Provided that, if it appears in evidence that the offender has committed a different offence under any other law, he may, if the Court is competent to try that offence and to award punishment therefore, be convicted and punished for that offence:

 

[Provided further that an offence punishable under Section 9 or Section 17 shall be triable by a Court of Session and not by a Magistrate authorized under Section 30 of the said Code and an appeal from an order under either of the said sections [or from an order under any other provision of this Ordinance which impose a sentence of imprisonment for a term exceeding two years] shall lie to the Federal Shariat Court:

 

Provided further that a trial by a Court of Session under this Ordinance shall ordinarily be held at the headquarters of the Tehsil in which the offence is alleged to have been committed].

 

(2) The provision of the Code of Criminal Procedure, 1898 (Act V of 1898), relating to the confirmation of the sentence of death, shall apply, ‘mutatis mutandis’ to confirmation of sentences under this Ordinance.

 

(3) The provisions of sub-section (3) of Section 391 or Section 393 of the Code of Criminal Procedure, 1898 (Act V of 1898), shall not apply in respect of the punishment of whipping awarded under this Ordinance.

 

(4) The provisions of Chapter XXIX of the Code of Criminal Procedure, 1898 (Act V of 1898), shall not apply in respect of punishment awarded under Section 9 or Section 17 of this Ordinance.”

 

 

16.       This proviso has brought about two material changes i.e. firstly the offences under the Ordinance, which earlier were triable by a Magistrate (vested with powers under Section 30 Cr.P.C) have been made triable by a Court of Sessions and secondly, the Federal Shariat Court was made the Court of Appeal against an order of the Court of Sessions.

 

17.       Since the Code of Criminal Procedure, 1898 has been applied ‘mutatis mutandis’ in respect of cases under the Ordinance, consequently as Court of Appeal, the Federal Shariat Court can exercise all the powers of Appeal vested / given to it under the said Code (Chapter XXXI).
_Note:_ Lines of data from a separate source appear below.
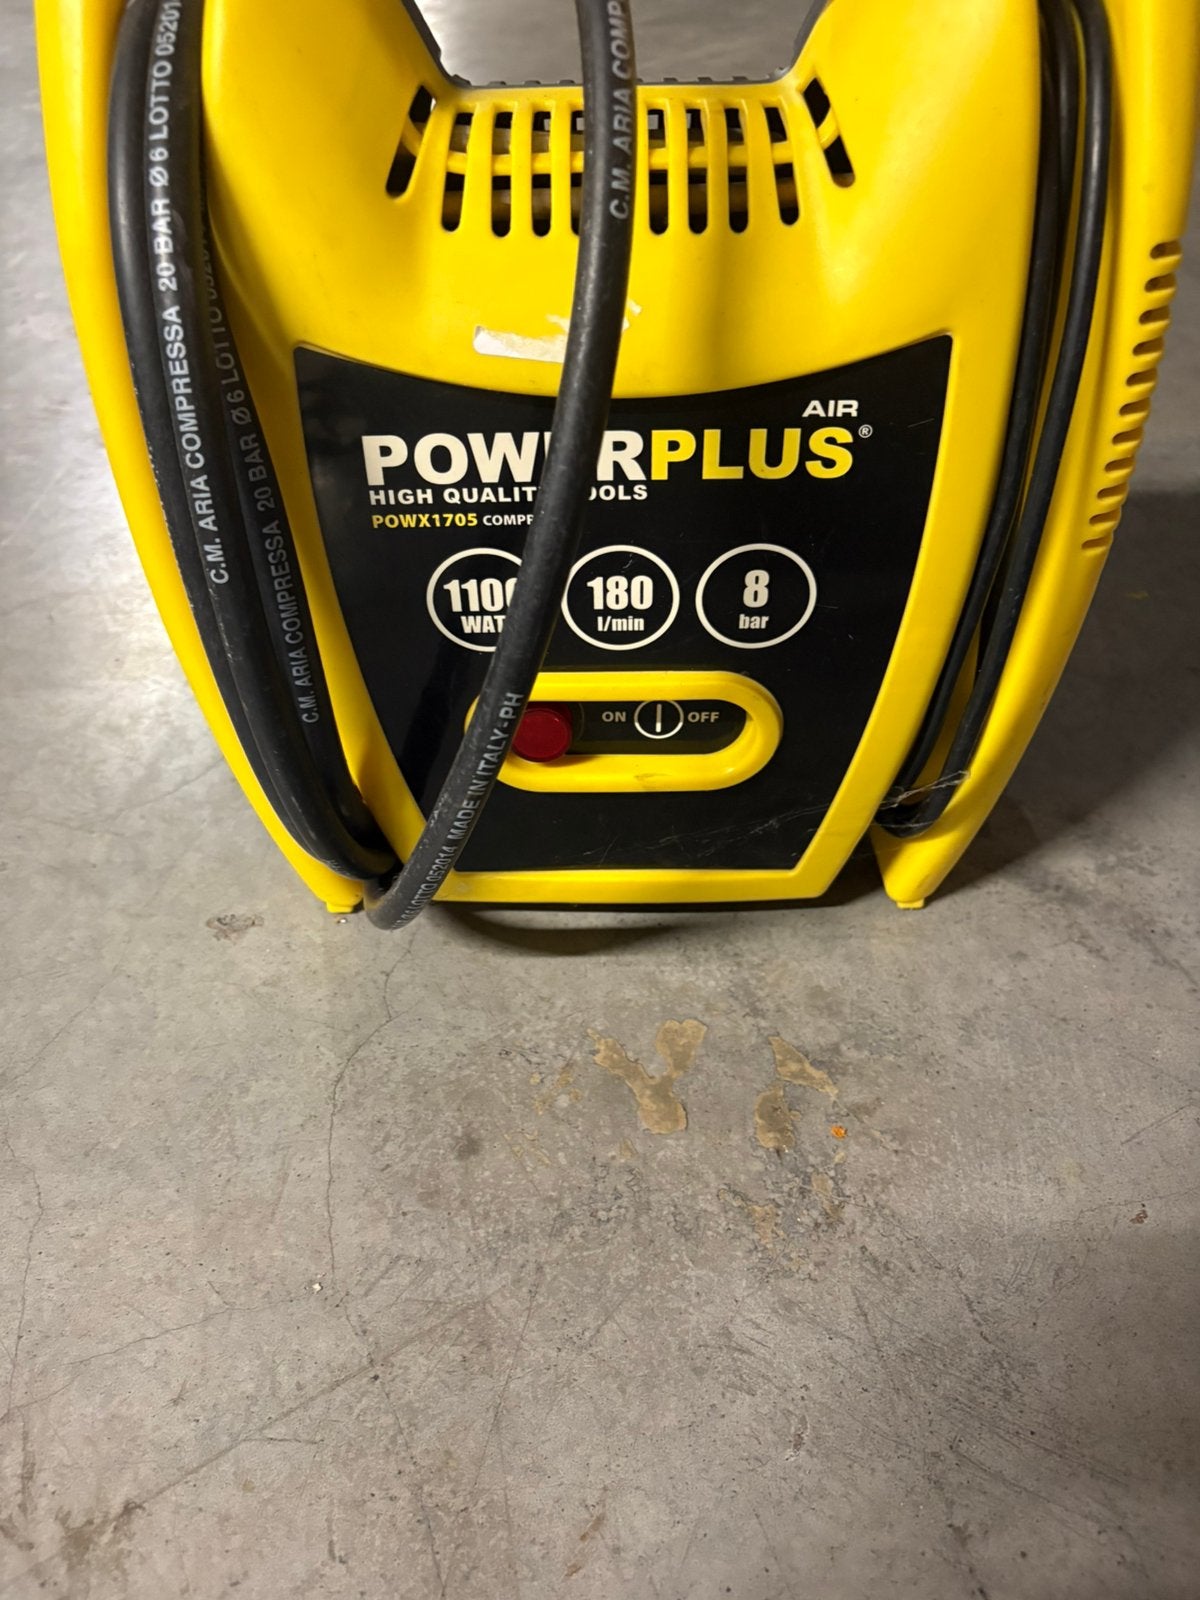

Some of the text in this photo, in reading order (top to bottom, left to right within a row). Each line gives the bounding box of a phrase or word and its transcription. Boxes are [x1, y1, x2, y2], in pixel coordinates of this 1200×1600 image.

[149, 60, 172, 140] LOTTO
[612, 87, 633, 156] ARIA
[150, 147, 169, 162] 6
[608, 163, 632, 220] C.M.
[150, 198, 175, 255] BAR
[157, 262, 178, 292] 20
[162, 305, 202, 471] COMPRESSA
[226, 389, 245, 404] 6
[802, 400, 859, 417] AIR
[240, 432, 270, 483] BAR
[188, 474, 219, 532] ARIA
[257, 486, 277, 512] 20
[369, 488, 433, 505] HIGH
[443, 486, 538, 505] QUALIT
[371, 513, 478, 528] POWX1705
[202, 538, 230, 586] C.M.
[264, 519, 306, 644] COMPRESSA
[587, 575, 653, 611] 180
[742, 569, 770, 608] 8
[460, 615, 506, 634] WAT
[738, 613, 769, 630] bar
[289, 645, 312, 692] ARIA
[297, 686, 319, 724] C.M.
[601, 711, 627, 724] ON
[687, 711, 720, 724] OFF
[426, 846, 458, 881] 052014
[446, 799, 481, 840] MADE
[467, 778, 486, 797] IN
The Federal Shariat Court can examine question of law or question of fact or question of mixed law and fact. In other words, the Federal Shariat Court has been given unfettered powers of appeal to examine any aspect of the case, whether relating to appreciation of facts or of law. Article 24 of the Ordinance imposes no restriction whatsoever on the jurisdiction of Federal Shariat Court. While exercising appellate jurisdiction, the Federal Shariat Court can quash, confirm, vary or modify the conviction or sentence awarded by a Court of Sessions. The Federal Shariat Court also has the power to enhance the sentence after affording adequate opportunity of defense to an accused.

 

18.       It is well settled principle of law that a general law always gives way to the Special Law on the subject. Upon the promulgation of Ordinance No.VI of 1979, the offences defined and made punishable under it are pursuant to its provisions, hold the field, as against such offences specifically dealt with under the P.P.C. The Special Law i.e. (Ordinance VI of 1979) had been enacted to modify the existing law relating to certain offences against property, so as to bring the existence law on subject in conformity with injunctions of Holy Quran and the Sunnah. The object of the lawmaker was quite transparent and manifest not only by its preamble rather positive change brought in the structure of definition of offence of Theft and Harrabah. The constituting ingredients of the offences and the prescribed standard of required evidence for imposition of Hadd punishment and the cases in which the Hadd punishment is not to be imposed, have been dealt with specifically. The scheme of the Ordinance and its provisions substantially is a departure of the subject from the relevant provision of the P.P.C. except to the extent of punishment of such an offence by way of Tazir. Article 26 of the Ordinance deals with the attempt to commit an offence punishable by the Ordinance which provides that in absence of any provision and the Ordinance, itself for the punishment of such an attempt; the offender shall be punished with imprisonment for either description or a term which may extend to 10 years. Thus for all intents and purposes, the Ordinance is a Special Law, therefore, the General Law on the subject will lean in favour of the Ordinance on the subject covered by it. Moreover; by virtue of Article 3, of the Ordinance; an overriding effect notwithstanding anything contained in any other law for the time of in force has been given.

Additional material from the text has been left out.